United States District Court, S.D. Indiana, Indianapolis Division
Aug 4, 2006
Case No. 1:04-cv-2031-DFH-WTL (S.D. Ind. Aug. 4, 2006)

Opinion

Case No. 1:04-cv-2031-DFH-WTL.

August 4, 2006


ENTRY ON DEFENDANT'S MOTION FOR SUMMARY JUDGMENT


Defendant Margaret A. Doherty has brought this case against her former employer Key Benefit Administrators, Inc. ("KBA") alleging that defendant terminated her because of her age in violation of the Age Discrimination and Employment Act ("ADEA"), 29 U.S.C. § 621 et seq., and because of her race in violation of Title VII of the Civil Rights Act of 1964 ("Title VII"), 42 U.S.C. § 2000e et seq., and retaliated against her for reporting discrimination, also in violation of both the ADEA and Title VII. KBA claims that it terminated Doherty for inadequate performance and a poor attitude. KBA has moved for summary judgment on all claims. The motion is granted in part and denied in part.

In deciding a motion for summary judgment, the court must view conflicting evidence in the light reasonably most favorable to the non-moving party and must give her the benefit of any reasonable and favorable inferences from that evidence.

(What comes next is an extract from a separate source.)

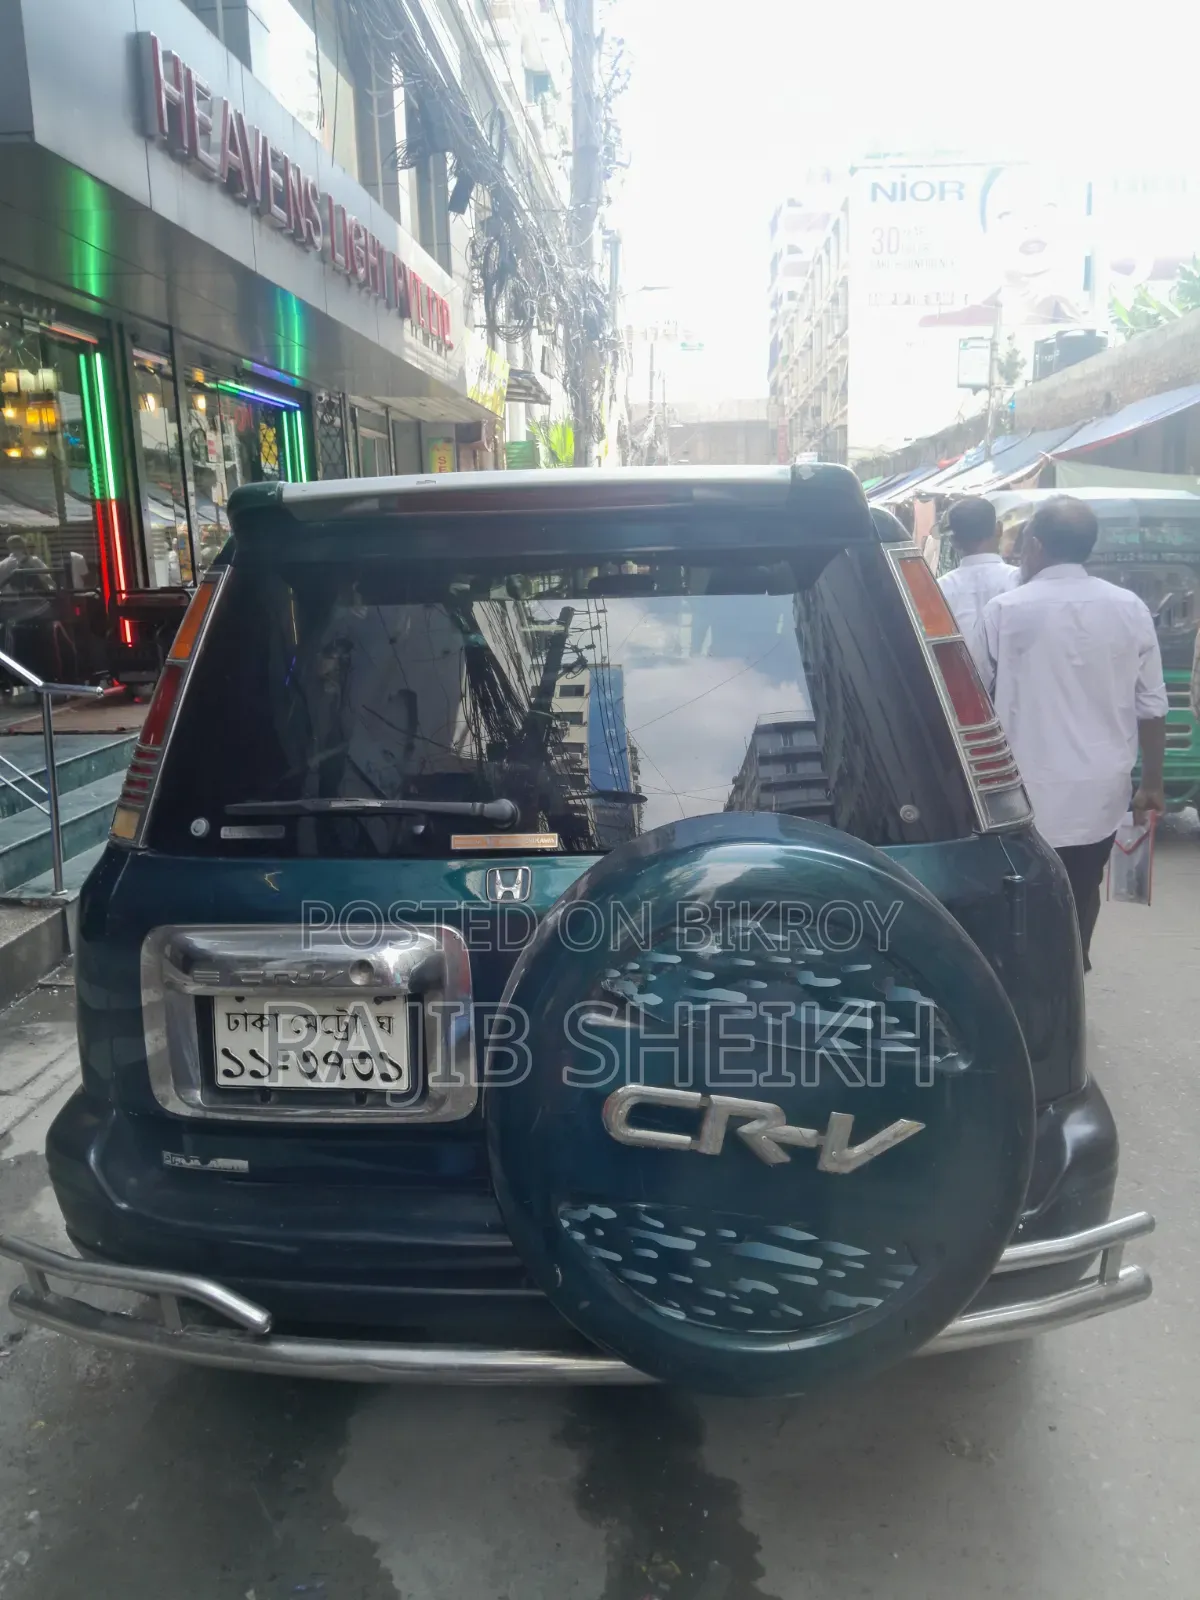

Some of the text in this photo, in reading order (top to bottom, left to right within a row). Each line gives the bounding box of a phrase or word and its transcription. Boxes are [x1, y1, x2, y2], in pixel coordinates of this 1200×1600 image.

See Anderson v. Liberty Lobby, Inc., 477 U.S. 242, 255 (1986). "[B]ecause summary judgment is not a paper trial, the district court's role in deciding the motion is not to sift through the evidence, pondering the nuances and inconsistencies, and decide whom to believe." Waldridge v. American Hoechst Corp., 24 F.3d 918, 920 (7th Cir. 1994). The court's only task is "to decide, based on the evidence of record, whether there is any material dispute of fact that requires a trial." Id.

Keeping these standards in mind, Doherty has come forward with evidence sufficient to demonstrate a genuine dispute of material fact with respect to both her age and race claims under the indirect burden-shifting method of proving discrimination articulated in McDonnell Douglas Corp. v. Green, 411 U.S. 792, 802 (1973). Fisher v. Wayne Dalton Corp., 139 F.3d 1137, 1141 (7th Cir. 1998) (applying indirect method of proof to age discrimination claim); Ballance v. City of Springfield, 424 F.3d 614, 617 (7th Cir. 2005) (same on reverse race discrimination claim).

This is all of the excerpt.